◆ **ASSIGNMENT**
Could you reproduce every record below exactly, excluding all pictures?

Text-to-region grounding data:
━━━━━━

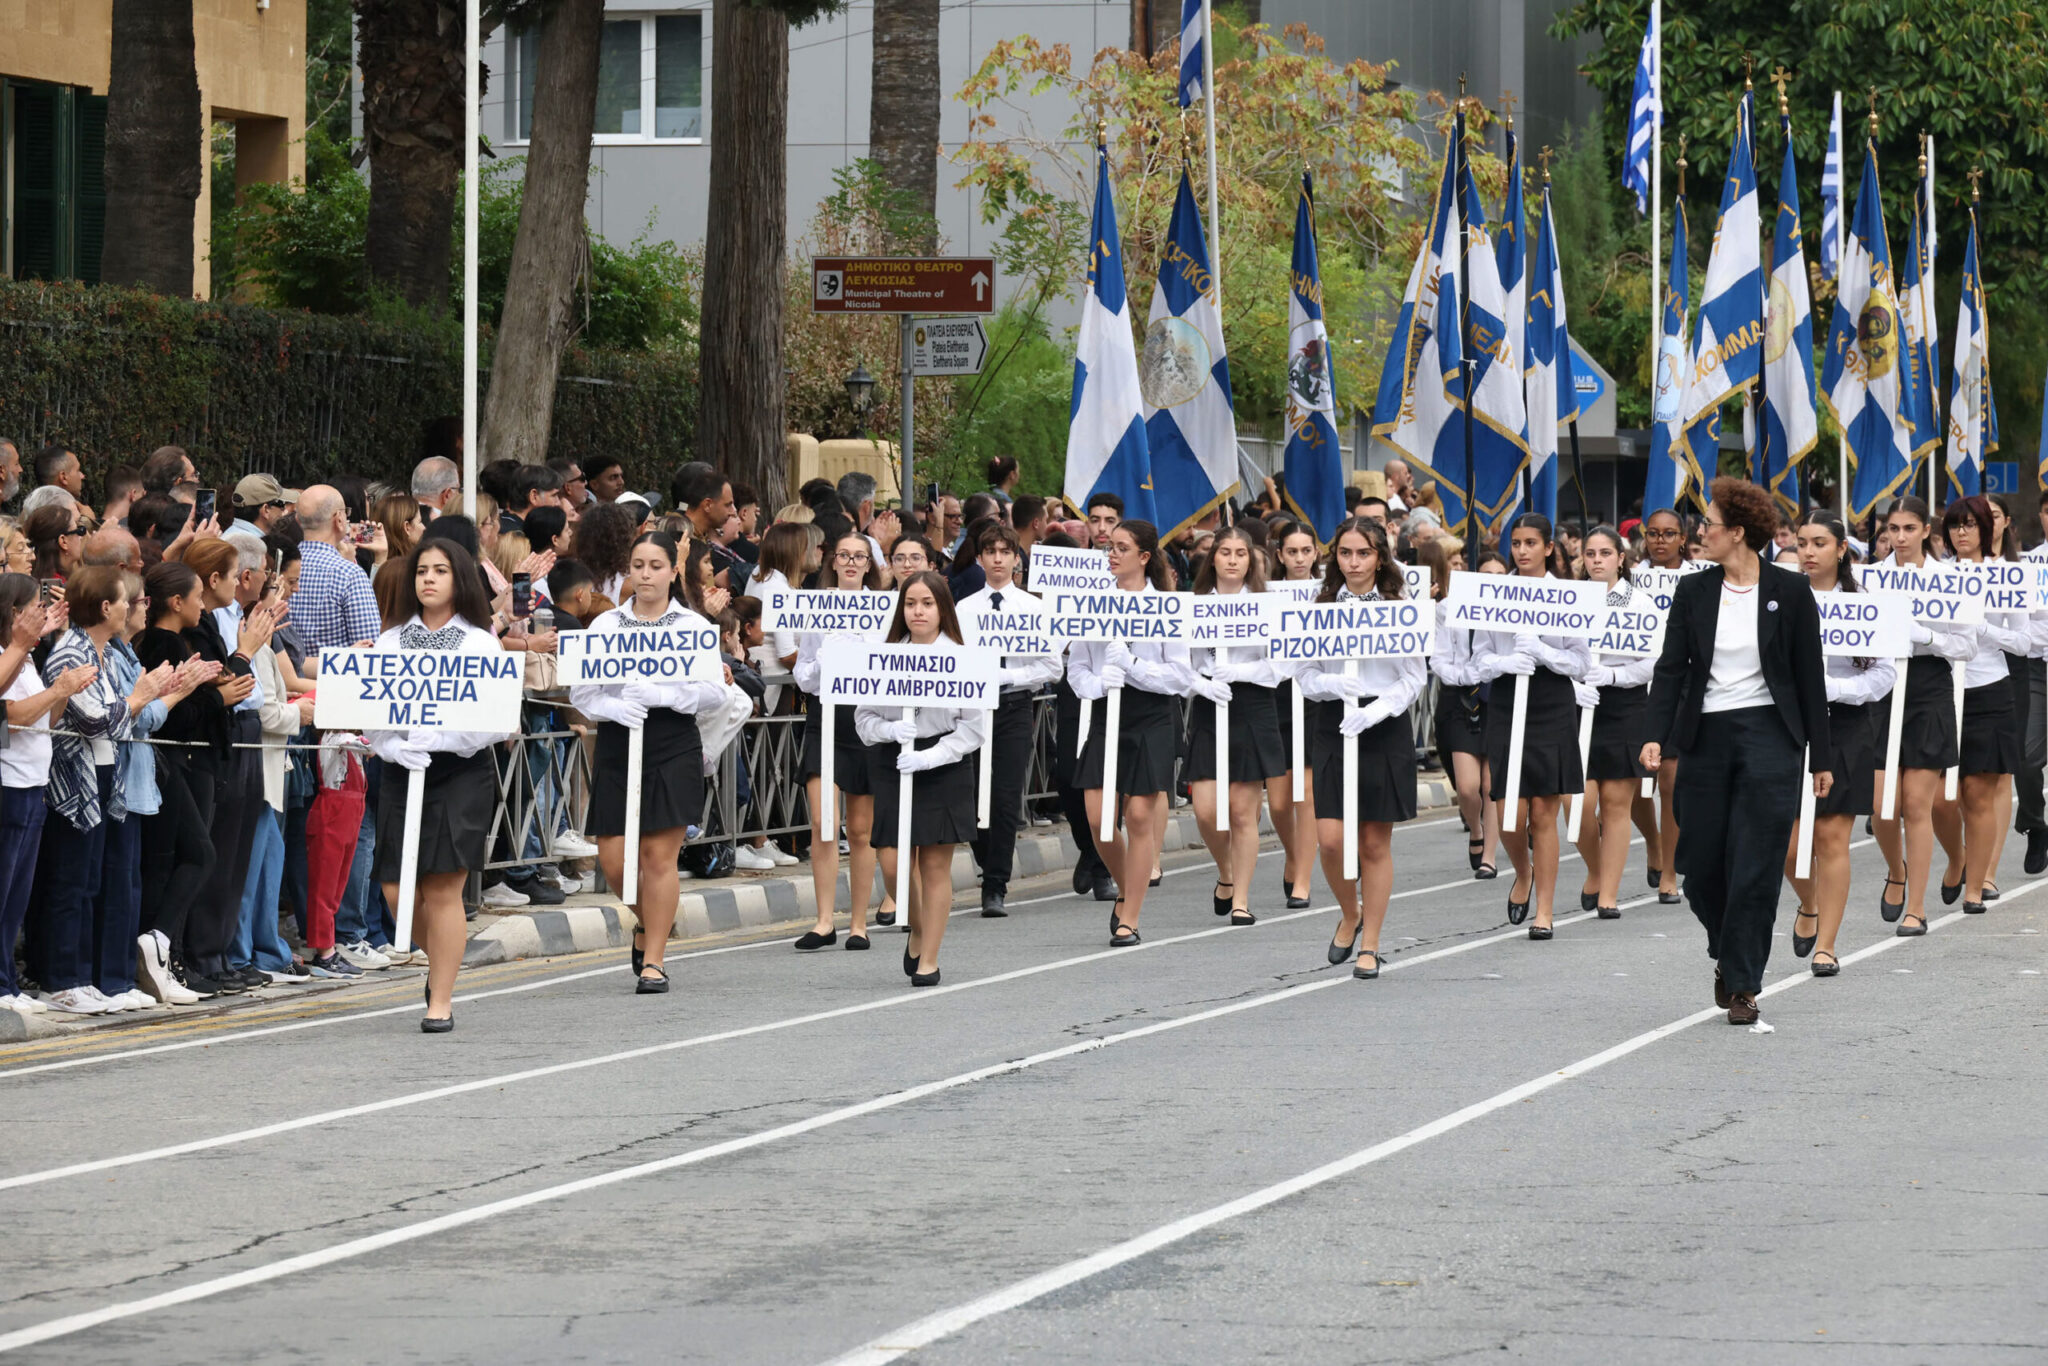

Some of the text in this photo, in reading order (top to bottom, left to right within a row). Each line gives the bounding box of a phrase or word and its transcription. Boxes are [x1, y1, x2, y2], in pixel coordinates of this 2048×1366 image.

[845, 262, 964, 273] ΔΗΜΟΤΙΚΟ ΘΕΑΤΡΟ
[845, 275, 916, 286] ΛΕΥΚΩΣΙΑΣ
[845, 289, 944, 299] Municipal Theatre of
[845, 300, 881, 308] Nicosia
[1033, 553, 1102, 570] ΤΕΧΝΙΚΗ
[1037, 573, 1111, 590] ΑΜΜΟΧΩ
[1862, 568, 1982, 596] ΓΥΜΝΑΣΙΟ
[795, 594, 891, 611] ΓΥΜΝΑΣΙΟ
[1056, 594, 1181, 615] ΓΥΜΝΑΣΙΟ
[1479, 583, 1577, 606] ΓΥΜΝΑΣΙΟ
[1193, 602, 1259, 618] ΕΧΝΙΚΗ
[1281, 604, 1418, 632] ΓΥΜΝΑΣΙΟ
[1456, 604, 1595, 629] ΛΕΥΚΟΝΟΙΚΟΥ
[776, 613, 885, 631] ΑΜ/ΧΩΣΤΟΥ
[1050, 616, 1183, 638] ΚΕΡΥΝΕΙΑΣ
[1605, 611, 1658, 631] ΑΣΙΟ
[585, 629, 718, 654] ΓΥΜΝΑΣΙΟ
[1270, 631, 1429, 660] ΡΙΖΟΚΑΡΠΑΣΟΥ
[321, 652, 518, 679] ΚΑΤΕΧΟΜΕΝΑ
[581, 656, 695, 679] ΜΟΡΦΟΥ
[868, 653, 956, 674] ΓΥΜΝΑΣΙΟ
[359, 678, 479, 702] ΣΧΟΛΕΙΑ
[831, 676, 987, 699] ΑΓΙΟΥ ΑΜΒΡΟΣΙΟΥ
[388, 702, 443, 726] Μ.Ε.
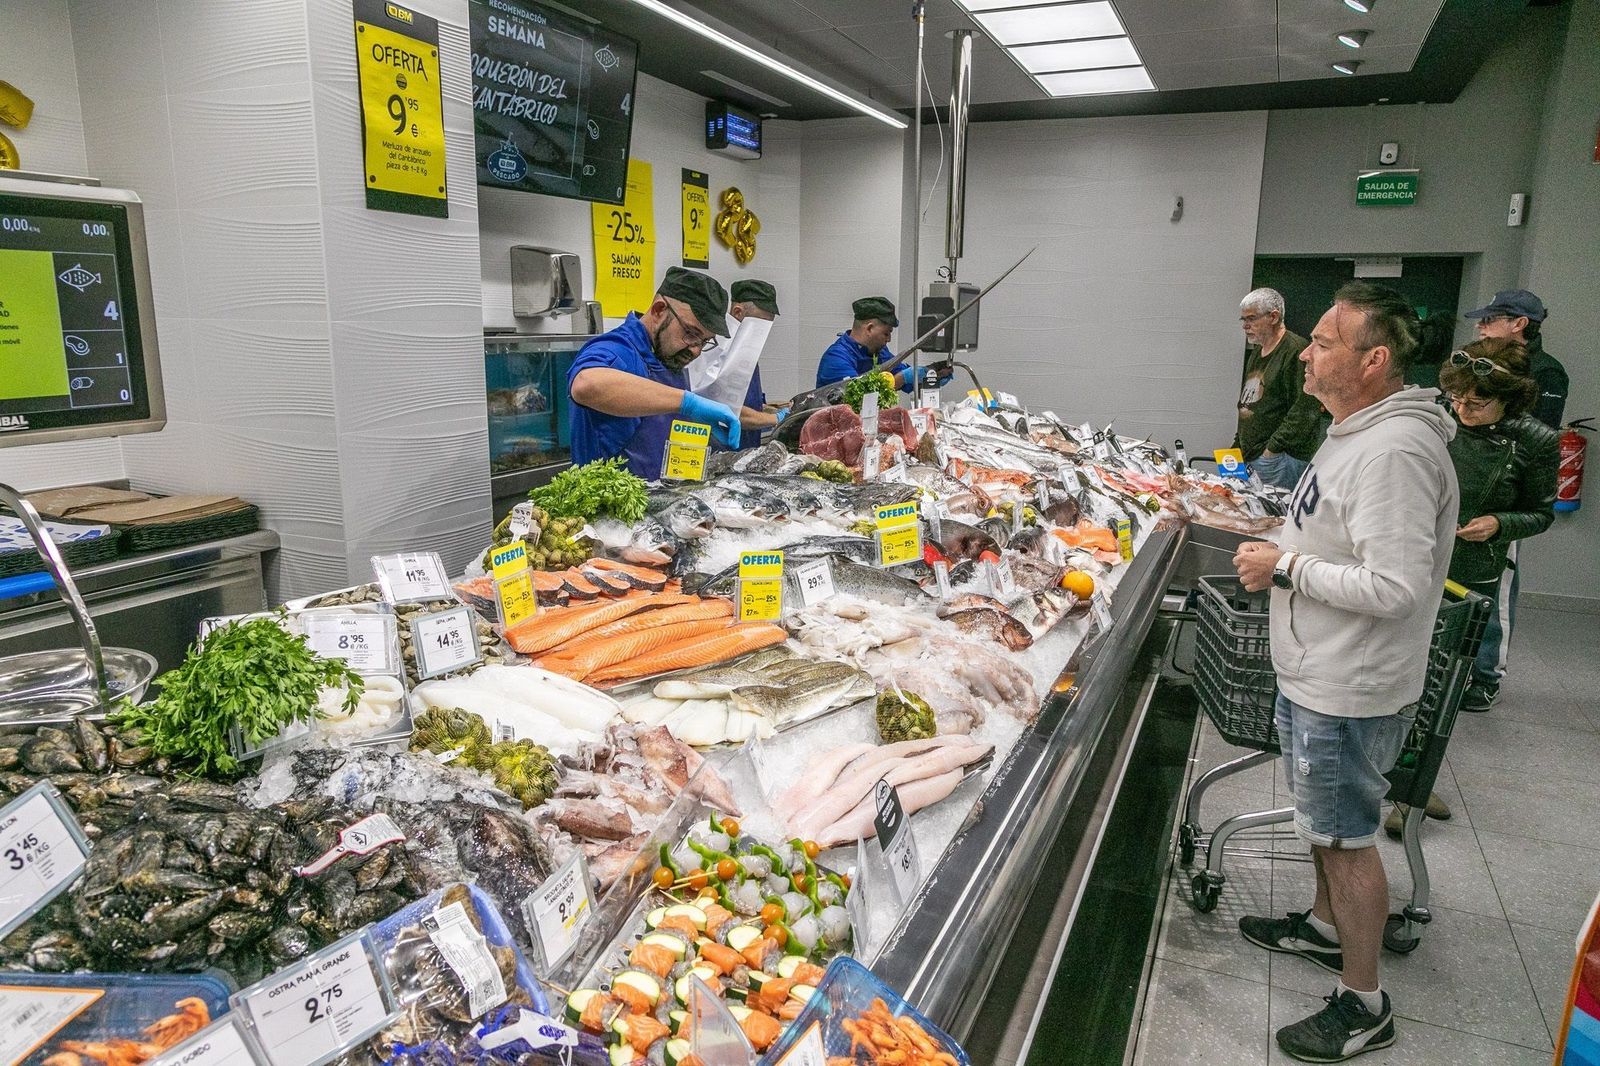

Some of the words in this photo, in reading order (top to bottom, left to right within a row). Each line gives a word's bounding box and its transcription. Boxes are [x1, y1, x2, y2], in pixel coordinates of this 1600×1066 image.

[398, 8, 412, 22] BM
[488, 15, 546, 49] SEMANA
[372, 44, 428, 82] OFERTA
[538, 74, 567, 99] DEL
[621, 93, 631, 116] 4
[382, 141, 403, 151] Merluza
[404, 145, 411, 153] de
[412, 147, 432, 157] anzuelo
[388, 152, 397, 160] del
[386, 161, 401, 169] pieza
[492, 168, 520, 180] PESCADO
[1364, 182, 1395, 190] SALIDA
[1397, 182, 1409, 190] DE
[1357, 191, 1414, 200] EMERGENCIA
[2, 218, 28, 231] 0,00
[82, 223, 106, 236] 0,00
[606, 211, 645, 245] -25%
[611, 252, 642, 266] SALMÓN
[612, 267, 640, 279] FRESCO
[104, 300, 119, 321] 4
[115, 352, 123, 364] 1
[120, 389, 129, 401] 0
[673, 424, 708, 437] OFERTA
[878, 505, 915, 519] OFERTA
[493, 546, 525, 566] OFERTA
[742, 554, 781, 565] OFERTA
[268, 981, 296, 998] OSTRA
[296, 968, 322, 985] PLANA
[322, 951, 351, 971] GRANDE
[182, 1043, 211, 1064] GORDO
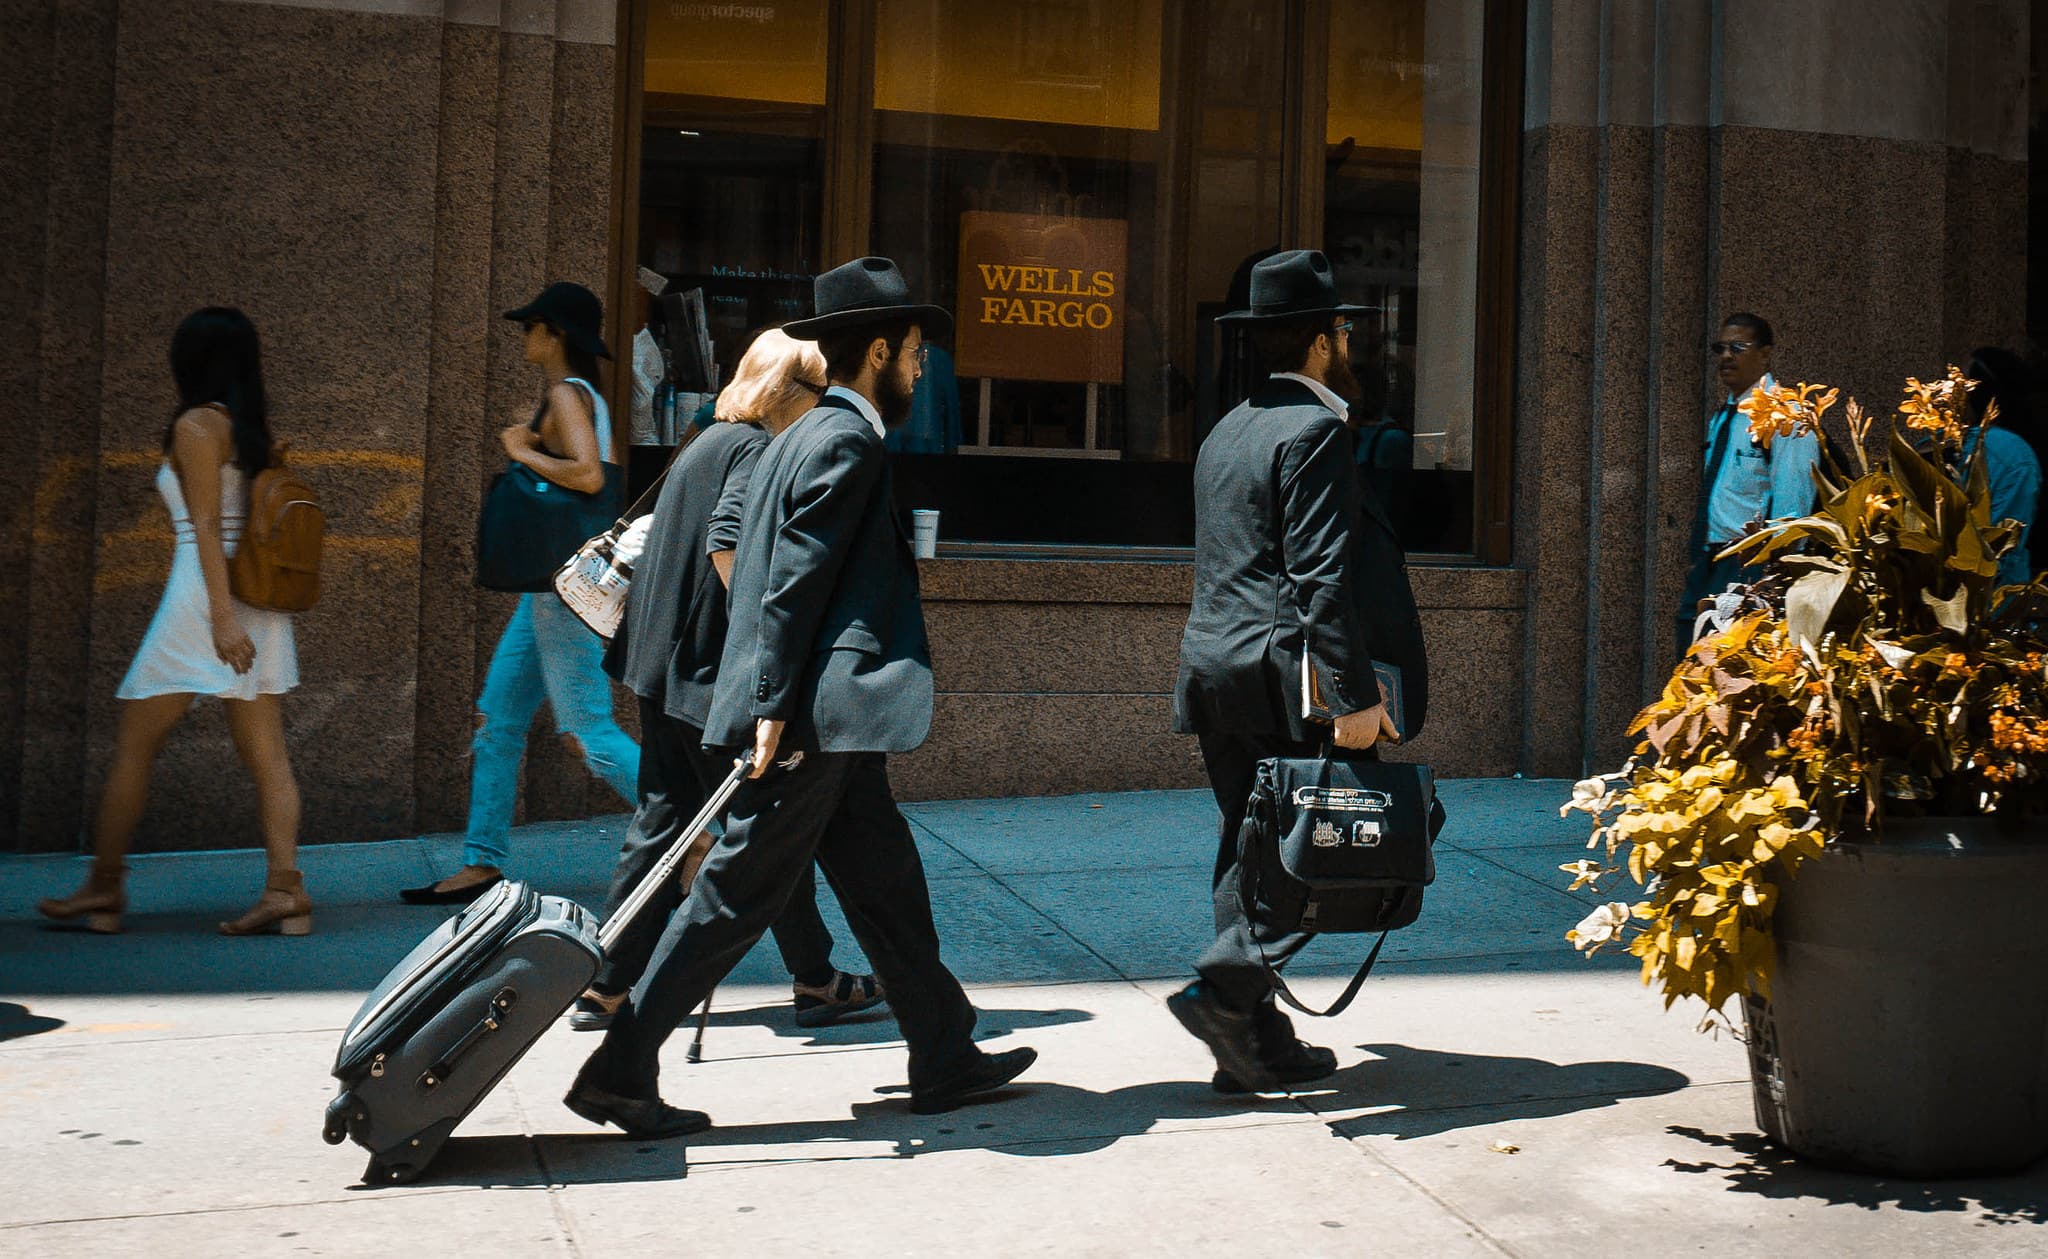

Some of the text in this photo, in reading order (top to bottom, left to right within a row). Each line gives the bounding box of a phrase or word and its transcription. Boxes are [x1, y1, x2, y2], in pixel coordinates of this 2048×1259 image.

[712, 264, 757, 279] Make
[977, 264, 1115, 297] WELLS
[980, 297, 1113, 329] FARGO

━━━━━━

◆ **THE ANSWER**
Some of the text in this photo, in reading order (top to bottom, left to right within a row). Each line gives the bounding box of a phrase or word and its transcription. Boxes are [x1, y1, x2, y2], in pixel coordinates of this 2048×1366 image.

[845, 262, 964, 273] ΔΗΜΟΤΙΚΟ ΘΕΑΤΡΟ
[845, 275, 916, 286] ΛΕΥΚΩΣΙΑΣ
[845, 289, 944, 299] Municipal Theatre of
[845, 300, 881, 308] Nicosia
[1033, 553, 1102, 570] ΤΕΧΝΙΚΗ
[1037, 573, 1111, 590] ΑΜΜΟΧΩ
[1862, 568, 1982, 596] ΓΥΜΝΑΣΙΟ
[795, 594, 891, 611] ΓΥΜΝΑΣΙΟ
[1056, 594, 1181, 615] ΓΥΜΝΑΣΙΟ
[1479, 583, 1577, 606] ΓΥΜΝΑΣΙΟ
[1193, 602, 1259, 618] ΕΧΝΙΚΗ
[1281, 604, 1418, 632] ΓΥΜΝΑΣΙΟ
[1456, 604, 1595, 629] ΛΕΥΚΟΝΟΙΚΟΥ
[776, 613, 885, 631] ΑΜ/ΧΩΣΤΟΥ
[1050, 616, 1183, 638] ΚΕΡΥΝΕΙΑΣ
[1605, 611, 1658, 631] ΑΣΙΟ
[585, 629, 718, 654] ΓΥΜΝΑΣΙΟ
[1270, 631, 1429, 660] ΡΙΖΟΚΑΡΠΑΣΟΥ
[321, 652, 518, 679] ΚΑΤΕΧΟΜΕΝΑ
[581, 656, 695, 679] ΜΟΡΦΟΥ
[868, 653, 956, 674] ΓΥΜΝΑΣΙΟ
[359, 678, 479, 702] ΣΧΟΛΕΙΑ
[831, 676, 987, 699] ΑΓΙΟΥ ΑΜΒΡΟΣΙΟΥ
[388, 702, 443, 726] Μ.Ε.

Some of the words in this photo, in reading order (top to bottom, left to right within a row). Each line gives a word's bounding box and its transcription. Boxes are [x1, y1, x2, y2], in pixel coordinates of this 1600×1066 image.

[398, 8, 412, 22] BM
[488, 15, 546, 49] SEMANA
[372, 44, 428, 82] OFERTA
[538, 74, 567, 99] DEL
[621, 93, 631, 116] 4
[382, 141, 403, 151] Merluza
[404, 145, 411, 153] de
[412, 147, 432, 157] anzuelo
[388, 152, 397, 160] del
[386, 161, 401, 169] pieza
[492, 168, 520, 180] PESCADO
[1364, 182, 1395, 190] SALIDA
[1397, 182, 1409, 190] DE
[1357, 191, 1414, 200] EMERGENCIA
[2, 218, 28, 231] 0,00
[82, 223, 106, 236] 0,00
[606, 211, 645, 245] -25%
[611, 252, 642, 266] SALMÓN
[612, 267, 640, 279] FRESCO
[104, 300, 119, 321] 4
[115, 352, 123, 364] 1
[120, 389, 129, 401] 0
[673, 424, 708, 437] OFERTA
[878, 505, 915, 519] OFERTA
[493, 546, 525, 566] OFERTA
[742, 554, 781, 565] OFERTA
[268, 981, 296, 998] OSTRA
[296, 968, 322, 985] PLANA
[322, 951, 351, 971] GRANDE
[182, 1043, 211, 1064] GORDO

Some of the text in this photo, in reading order (top to bottom, left to right within a row). Each line gives the bounding box of a phrase or word and its transcription. Boxes are [x1, y1, x2, y2], in pixel coordinates of this 2048×1259 image.

[712, 264, 757, 279] Make
[977, 264, 1115, 297] WELLS
[980, 297, 1113, 329] FARGO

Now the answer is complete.